The problem of bipartite ranking, where instances are labeled positive or negative and the goal is to learn a scoring function that minimizes the probability of mis-ranking a pair of positive and negative instances (or equivalently, that maximizes the area under the ROC curve), has been widely studied in recent years. A dominant theoretical and algorithmic framework for the problem has been to reduce bipartite ranking to pairwise classification; in particular, it is well known that the bipartite ranking regret can be formulated as a pairwise classification regret, which in turn can be upper bounded using usual regret bounds for classification problems.

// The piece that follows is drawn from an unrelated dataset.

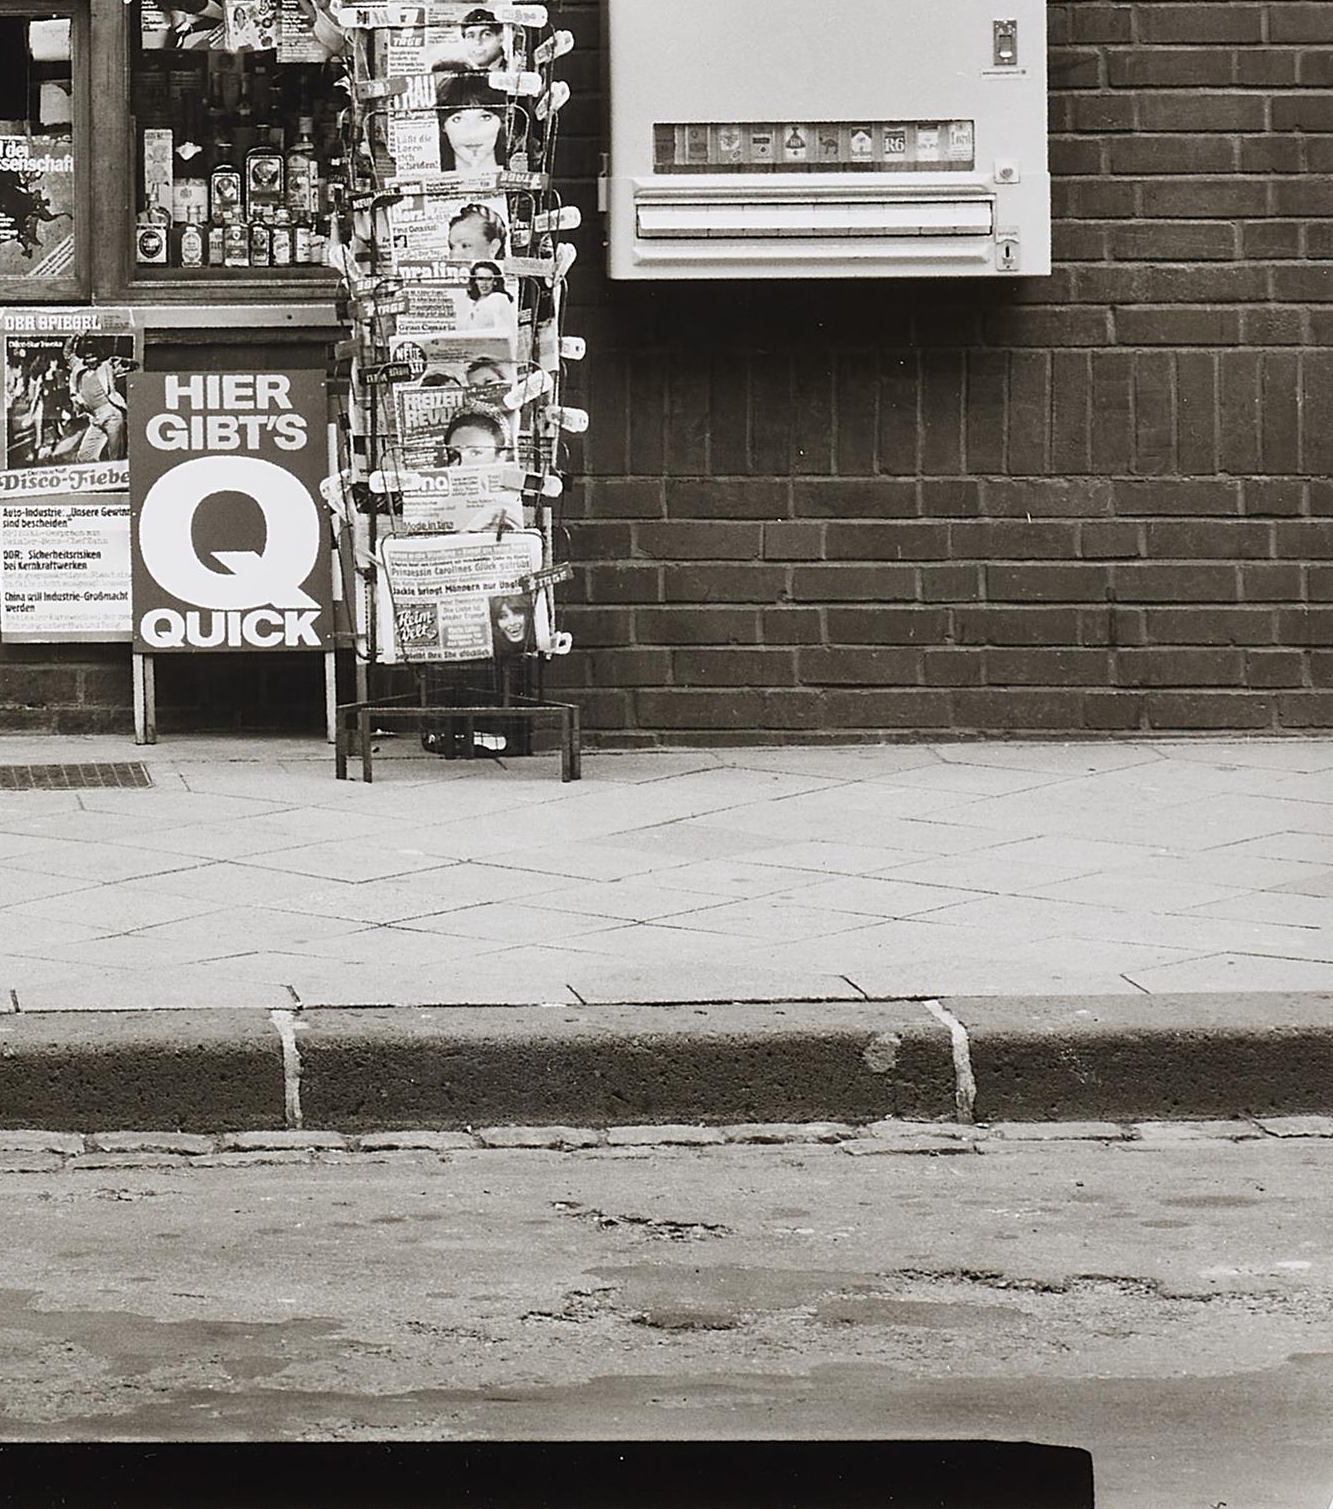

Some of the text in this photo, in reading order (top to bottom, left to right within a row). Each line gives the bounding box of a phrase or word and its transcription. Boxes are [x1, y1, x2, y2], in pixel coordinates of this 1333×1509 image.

Recently, Kotlowski et al. (2011) showed regret bounds for bipartite ranking in terms of the regret associated with balanced versions of the standard (non-pairwise) logistic and exponential losses. In this paper, we show that such (non-pairwise) surrogate regret bounds for bipartite ranking can be obtained in terms of a broad class of proper (composite) losses that we term as strongly proper. Our proof technique is much simpler than that of Kotlowski et al. (2011), and relies on properties of proper (composite) losses as elucidated recently by Reid and Williamson (2010, 2011) and others. Our result yields explicit surrogate bounds (with no hidden balancing terms) in terms of a variety of strongly proper losses, including for example logistic, exponential, squared and squared hinge losses as special cases. An important consequence is that standard algorithms minimizing a (non-pairwise) strongly proper loss, such as logistic regression and boosting algorithms (assuming a universal function class and appropriate regularization), are in fact consistent for bipartite ranking; moreover, our results allow us to quantify the bipartite ranking regret in terms of the corresponding surrogate regret. We also obtain tighter surrogate bounds under certain low-noise conditions via a recent result of Clemencon and Robbiano (2011).